Charmed Life

Plant-Based Menus Are Growing in Baltimore and Beyond

From ice cream shops to juice bars, local restaurants are making it easier than ever to get your plant fix.

Now that spring has officially sprung in Baltimore, people are focusing more on ways to “green” their lives. We’ve seen locals honing in on one such topic—increased plant-based consumption. Over the past few years, we’ve seen a rise in vegan and vegetarian menu items popping up across city and region. From Maryland Vegan Restaurant Week to Baltimore Vegan Drinks happy hours, diners are embracing plant-based meals and restaurants are working to provide better options.

According to a 2018 study, avoiding meat and dairy products could be one of the most impactful ways to reduce your environmental impact. Earlier this year, Maryland-based grocery chain Giant Food created a podcast called “Nutrition Made Easy” which highlights dietitians, nutritionists and other experts to help answer customer questions and provide useful tips for a healthy lifestyle. In its most recent episode, Elizabeth Dahl, a professor of chemistry at Loyola University Maryland and the founder of the Baltimore Environmental Film Series, discusses ways we can make sustainable food choices, such as plant-based eating.

“When we think about nature, because it’s a circular system, it has no useless byproducts,” says Dahl. “It’s really important that when we’re thinking about how we’re interacting with the environment that we’re thinking about how we can better interact in a way that’s going to keep nature circular . . . When you eat lower on the food chain, it’s better for the environment.”

And it’s not just in Baltimore. Over the past 10 years, there have been impressive increases in Google searches for “plant-based diet.” According to online food delivery marketplace GrubHub, plant-based foods were the greatest rising trend in 2018 for their 16 million users. The platform’s data revealed that red meat was completely missing from their top 10 ordered foods (which was led by bean burritos). GrubHub also saw a rise in plant-based breakfast items such as peanut butter acaí bowls (up 350 percent) and detox juices (up 193 percent).

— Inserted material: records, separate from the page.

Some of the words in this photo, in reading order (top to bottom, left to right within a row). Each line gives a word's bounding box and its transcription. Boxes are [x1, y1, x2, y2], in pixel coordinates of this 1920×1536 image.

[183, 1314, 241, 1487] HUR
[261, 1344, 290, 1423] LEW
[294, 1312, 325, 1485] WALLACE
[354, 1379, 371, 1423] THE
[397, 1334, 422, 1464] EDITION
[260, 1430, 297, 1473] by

Daniela Troia, executive chef and founder of local hotspots Zia’s Cafe and Plantbar, credits the rise in plant-based eating to social media. “Wellness is the new black,” she says. “More people are taking an interest in knowing where their food comes from and how it’s produced. We have more accessible information, including more health-based books, informative podcasts and inspiring Instagram accounts.” The internet has made it incredibly easy to spread information, taking plants from a trend on the fringe to a mainstream movement. Most users cannot open Instagram without seeing the latest green juice or acaí bowl—or encouragement from queen Bey.

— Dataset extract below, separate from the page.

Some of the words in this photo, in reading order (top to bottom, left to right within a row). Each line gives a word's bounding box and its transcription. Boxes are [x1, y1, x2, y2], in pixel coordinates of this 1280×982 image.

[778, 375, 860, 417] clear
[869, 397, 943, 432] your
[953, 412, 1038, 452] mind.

But don’t dismiss this movement as a ploy to look cool for followers. People are also becoming more aware of the health benefits and impacts of eating more fruits and vegetables. Famous athletes are giving plants a new face, sharing how their all-natural diets and non-processed choices affect their performance and recovery. Famed NFL quarterback Tom Brady, global tennis pro Venus Williams, and NBA All-Star Kyrie Irving have all become well-known for their plant-based diets. “I have more endurance and I’ve noticed that I can recover faster,” says local vegan runner Kelsey Johnston. “I’m way more mindful of what I eat for fuel.”

In 2018, Neilsen reported that plant-based foods sales grew by 20 percent in just 52 weeks, naming nondairy milk as the largest growing category. Locally, there has certainly been a rise in non-dairy milks, which in turn means you can get your plant fix at places like and Bmore Licks, which now offers vegan and non-dairy ice cream flavors. Restauranteurs are getting better at subtly adding the plants, without hiding the benefits. Troia says, at Plantbar, the X Factor smoothie is their top ordered item, which tastes overwhelmingly like almond butter and cacao and is actually formulated for performance with avocado, medicinal mushrooms, and monk fruit.

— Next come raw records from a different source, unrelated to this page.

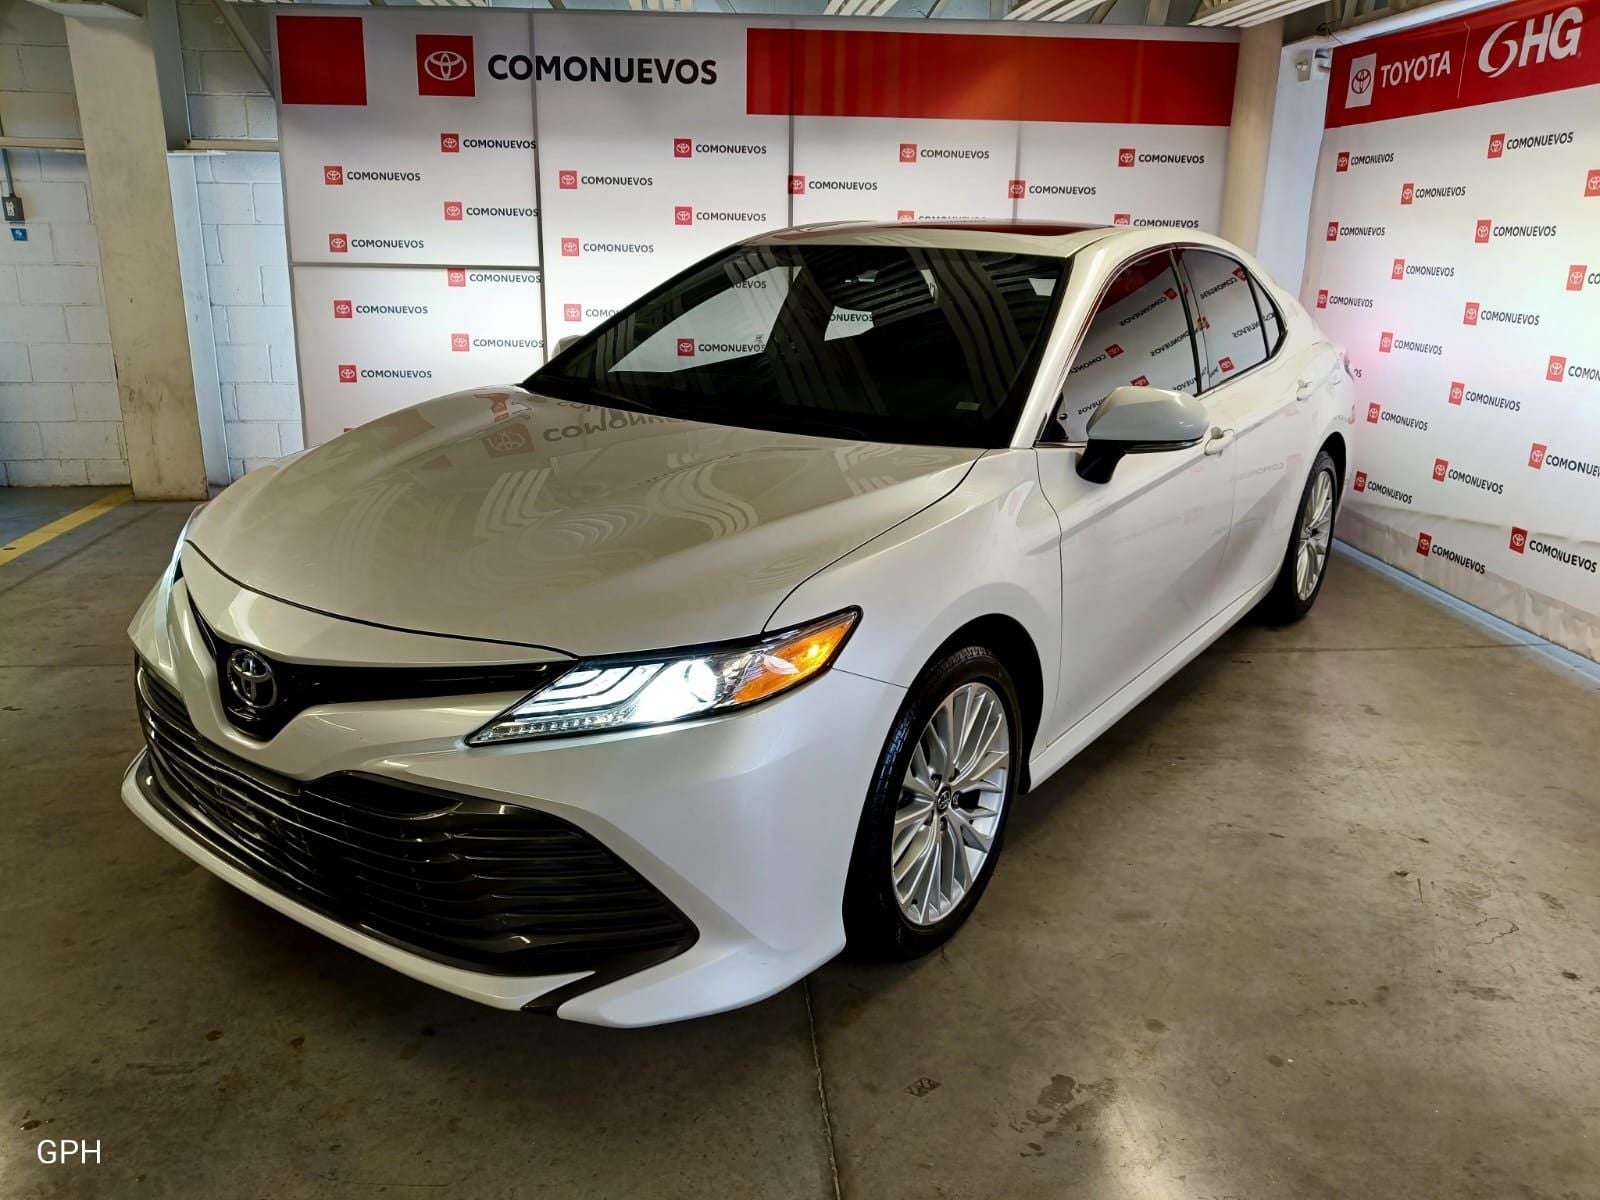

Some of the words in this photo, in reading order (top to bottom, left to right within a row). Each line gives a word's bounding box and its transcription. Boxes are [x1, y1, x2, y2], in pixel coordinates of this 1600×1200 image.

[487, 54, 717, 85] COMONUEVOS
[1380, 50, 1451, 89] TOYOTA
[463, 138, 537, 149] COMONUEVOS
[1506, 131, 1574, 150] COMONUEVOS
[695, 144, 767, 155] COMONUEVOS
[920, 149, 990, 160] COMONUEVOS
[1138, 154, 1205, 165] COMONUEVOS
[1351, 152, 1394, 166] COMONUEVOS
[346, 171, 421, 182] COMONUEVOS
[581, 175, 653, 186] COMONUEVOS
[808, 181, 878, 191] COMONUEVOS
[1029, 185, 1097, 196] COMONUEVOS
[1415, 186, 1466, 198] COMONUEVOS
[466, 207, 539, 217] COMONUEVOS
[696, 211, 767, 222] COMONUEVOS
[1133, 219, 1199, 229] COMONUEVOS
[1340, 226, 1385, 237] COMONUEVOS
[1493, 225, 1557, 237] COMONUEVOS
[351, 238, 424, 249] COMONUEVOS
[583, 243, 654, 253] COMONUEVOS
[1406, 265, 1455, 277] COMONUEVOS
[469, 273, 541, 284] COMONUEVOS
[1329, 295, 1373, 308] COMONUEVOS
[356, 304, 428, 315] COMONUEVOS
[830, 313, 873, 322] ONUEVOS
[1480, 310, 1540, 326] COMONUEVOS
[473, 338, 544, 348] COMONUEVOS
[1394, 339, 1443, 355] COMONUEVOS
[360, 368, 432, 379] COMONUEVOS
[1465, 391, 1521, 412] COMONUEVOS
[1381, 411, 1428, 431] COMONUEVOS
[1545, 454, 1600, 477] COMONUE
[1448, 469, 1504, 495] COMONUEVOS
[1367, 481, 1413, 504] COMONUEVOS
[1432, 545, 1486, 575] COMONUEVOS
[1529, 540, 1598, 573] COMONUEVOS
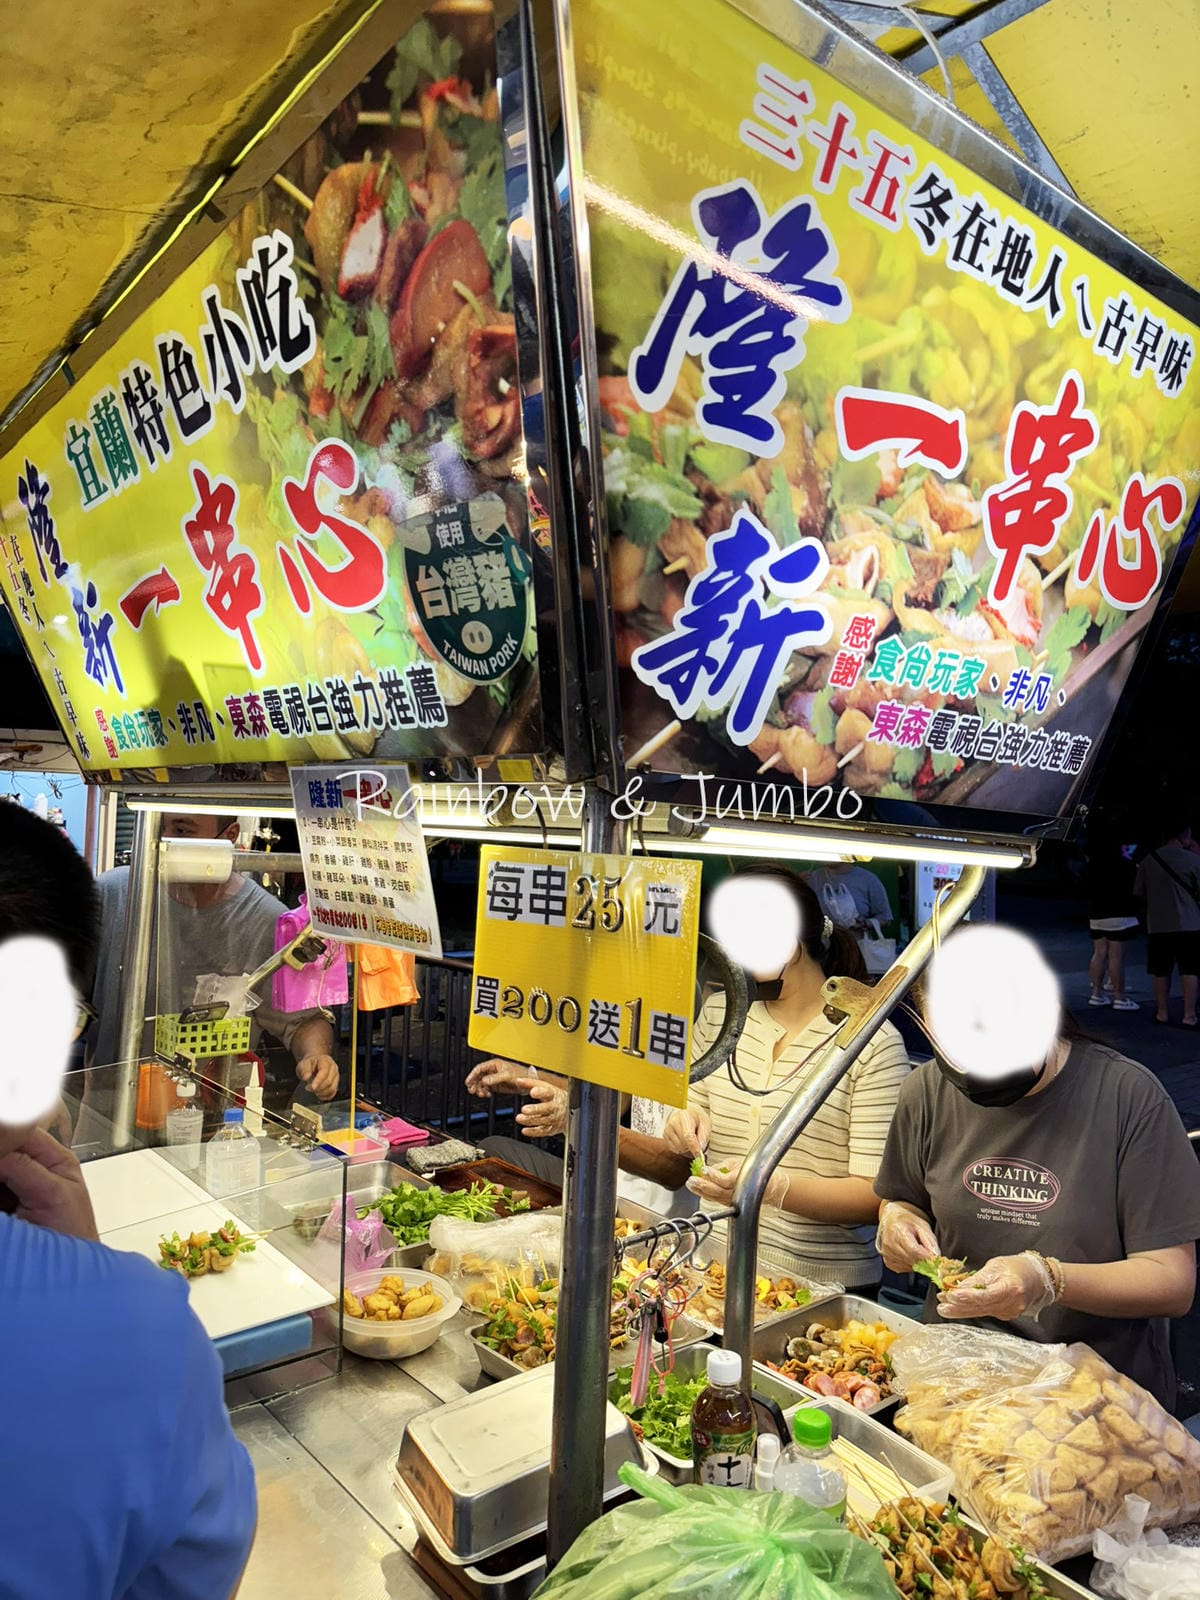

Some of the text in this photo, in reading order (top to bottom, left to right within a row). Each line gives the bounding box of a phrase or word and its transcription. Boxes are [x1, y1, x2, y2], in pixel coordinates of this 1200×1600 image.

[67, 239, 312, 505] 宜蘭特色小吃
[841, 378, 1184, 604] 一串心
[120, 443, 385, 671] 一串心
[435, 520, 465, 548] 使用
[415, 550, 517, 619] 台灣豬
[443, 632, 519, 676] TAIWAN PORK
[829, 615, 876, 687] 感謝
[868, 702, 1092, 773] 東森電視台強力推薦
[473, 976, 687, 1066] 買200送1串
[971, 1181, 1049, 1203] THINKING
[973, 1164, 1049, 1185] CREATIVE
[976, 1213, 992, 1221] truly
[1010, 1216, 1041, 1226] difference
[980, 1208, 1038, 1220] unique mindset that

“I honestly think Baltimore is one of the best cities to be vegan,” Johnston says. “Baltimore Drinks was a pioneering force for the network, but so many neighborhoods are now veg-friendly—almost all of Hampden is. Harmony Bakery, Golden West, Paulie Gee’s, Holy Frijoles, and even Blue Pit BBQ all have options for me.”

We’ve seen openings of multiple plant-based dining spots across the region—and expecting even more in 2019. Plantbar just opened a third location in Brewers Hill, Pure Raw Juice is opening two new locations in the Rotunda and Locust Point and Plant Food + Wine will open this summer downtown.

More and more, people who identify as vegan, vegetarian, or none of the above are choosing to incorporate plant-based meals into their diets. Whether to accommodate special dietary requirements, address health conditions or just eat smarter, the movement is growing and Baltimore is responding.